La maison de Zaharia est juste en face. Âgé d’une cinquantaine d’années, ce petit homme râblé n’ose pas approcher sa voisine car sa propre habitation a été épargnée par les flammes. Seul son établi a brûlé : “Il était sous des pins que la mairie m’a empêché de couper. Si je l’avais fait il serait encore là”. Zaharia sait que l’heure n’est pas à la polémique, mais en aparté il nous explique, presque en colère, que les maisons du village qui ont brûlé sont celles dont les propriétaires n’avaient ni élagué les arbres de leur jardin ni débroussaillé. “On est en pleine forêt, lâche ce Roumain tombé amoureux de la Grèce. Les pompiers étaient ici en nombre suffisant. Ils ont fait ce qu’ils pouvaient, mais avec des flammes de plusieurs mètres de haut, tu ne peux pas faire grand-chose ! En revanche en amont il y a des choses à faire, que les Grecs ne font pas. J’ai un arrosage automatique qui arrose trois fois par jour mon jardin, j’ai coupé les branches les plus basses des arbres autour. Je débroussaille mon jardin toutes les semaines. J’ai commencé à mouiller les murs de la maison bien avant l’incendie car avec une telle canicule et des vents aussi forts, je redoutais le feu”. Comme beaucoup, il a refusé d’être évacué : “Avec mes 100 kilos, il leur était difficile de me forcer à faire quoi que ce soit”.

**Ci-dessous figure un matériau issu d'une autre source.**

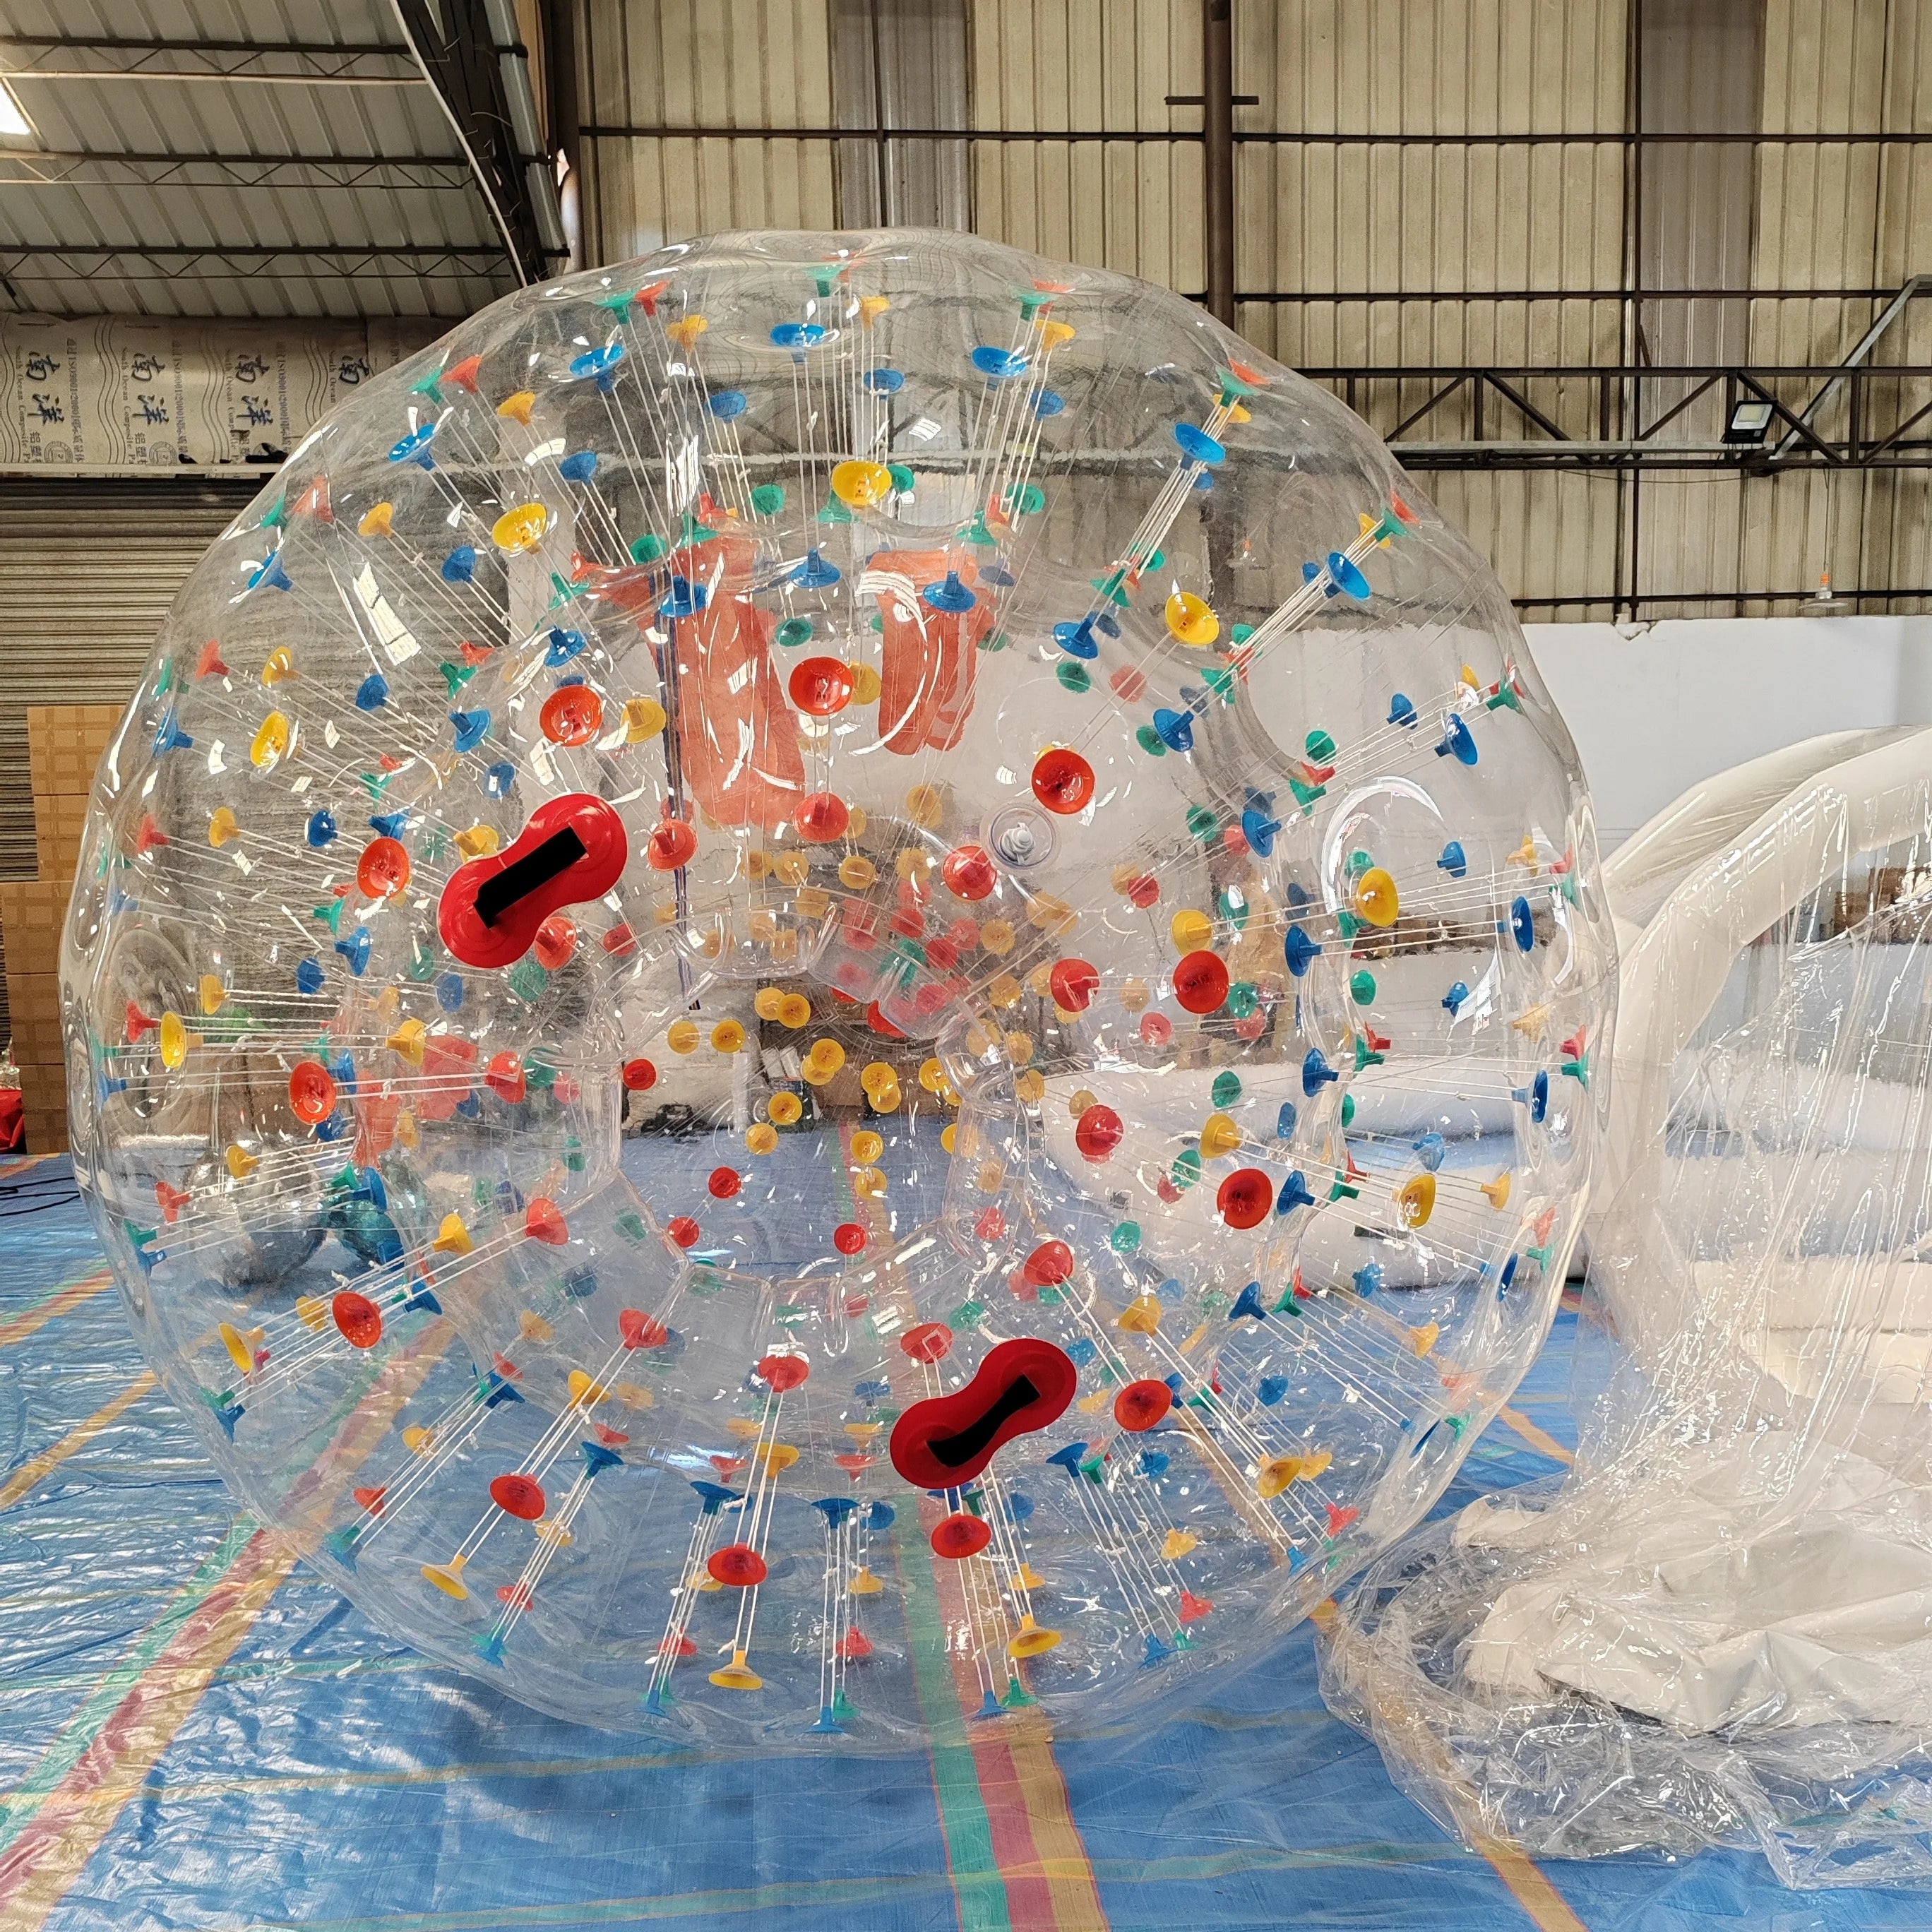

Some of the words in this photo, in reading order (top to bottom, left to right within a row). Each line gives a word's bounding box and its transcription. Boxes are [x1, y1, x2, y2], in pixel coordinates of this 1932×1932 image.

Un peu plus bas dans le village, peu avant le dernier barrage de la police, Isaac, un volontaire, et Nikos, pompier municipal d’une trentaine d’années, éteignent les derniers foyers au sol. Ils font équipe depuis le début de la catastrophe et cela fait trois nuits qu’ils n’ont pas dormi. “C’est ça notre boulot, éteindre ces petits foyers. Sinon cela peut repartir à tout moment”. Ils tiendront encore jusqu’à la dernière étincelle. “J’ai eu le temps de montrer Parnitha à ma fille. Mais pour mes petits enfants, c’est foutu”, marmonne Isaac. “Je ne peux pas rester les bras croisés”.
Un front de 15 kilomètres
Ce vendredi, l’incendie de Parnitha n’avait plus, selon le porte-parole des pompiers “de gros foyers actifs”, mais les vents qui vont se lever dans les jours qui viennent risquent d’activer à nouveau les flammes. C’est exactement ce qui se passe dans le nord-est du pays où l’incendie autour de la ville portuaire d’Alexandroupoli fait rage depuis une semaine. Il s’est uni à celui qui ravage la réserve de Dadias, un biotope unique et protégé. Cette zone est un passage fréquent des migrants qui veulent entrer en Grèce. Le corps d’un nouvel exilé a ainsi été retrouvé carbonisé, ce vendredi, portant à 21 le nombre de morts, dont 19 migrants dans cette région de l’Evros.
Le front du feu dépasse les 15 kilomètres. Les incendies de Parnitha et d’Evros, plus que ceux de Beotie, alimentent ainsi une grosse polémique. Les journaux d’opposition ont ainsi publié une loi de 2021 signée par le Premier ministre conservateur Kiriakos Mitsotakis, qui limite le nombre de gardes forestiers et la protection des parcs et réserves naturelles comme Dadias et Parnitha, où vivent des cerfs, des oiseaux et des rapaces protégés. Le gouvernement n’a pas répondu à ces mises en cause, préférant mettre en avant les 163 interpellations et les 79 arrestations d’incendiaires présumés.
Mais au sein de la population, la colère n'en finit pourtant pas de monter face à ces feux à répétition, alimentant certains actes racistes sur base de fausses rumeurs imputant aux migrants l'origine des incendies.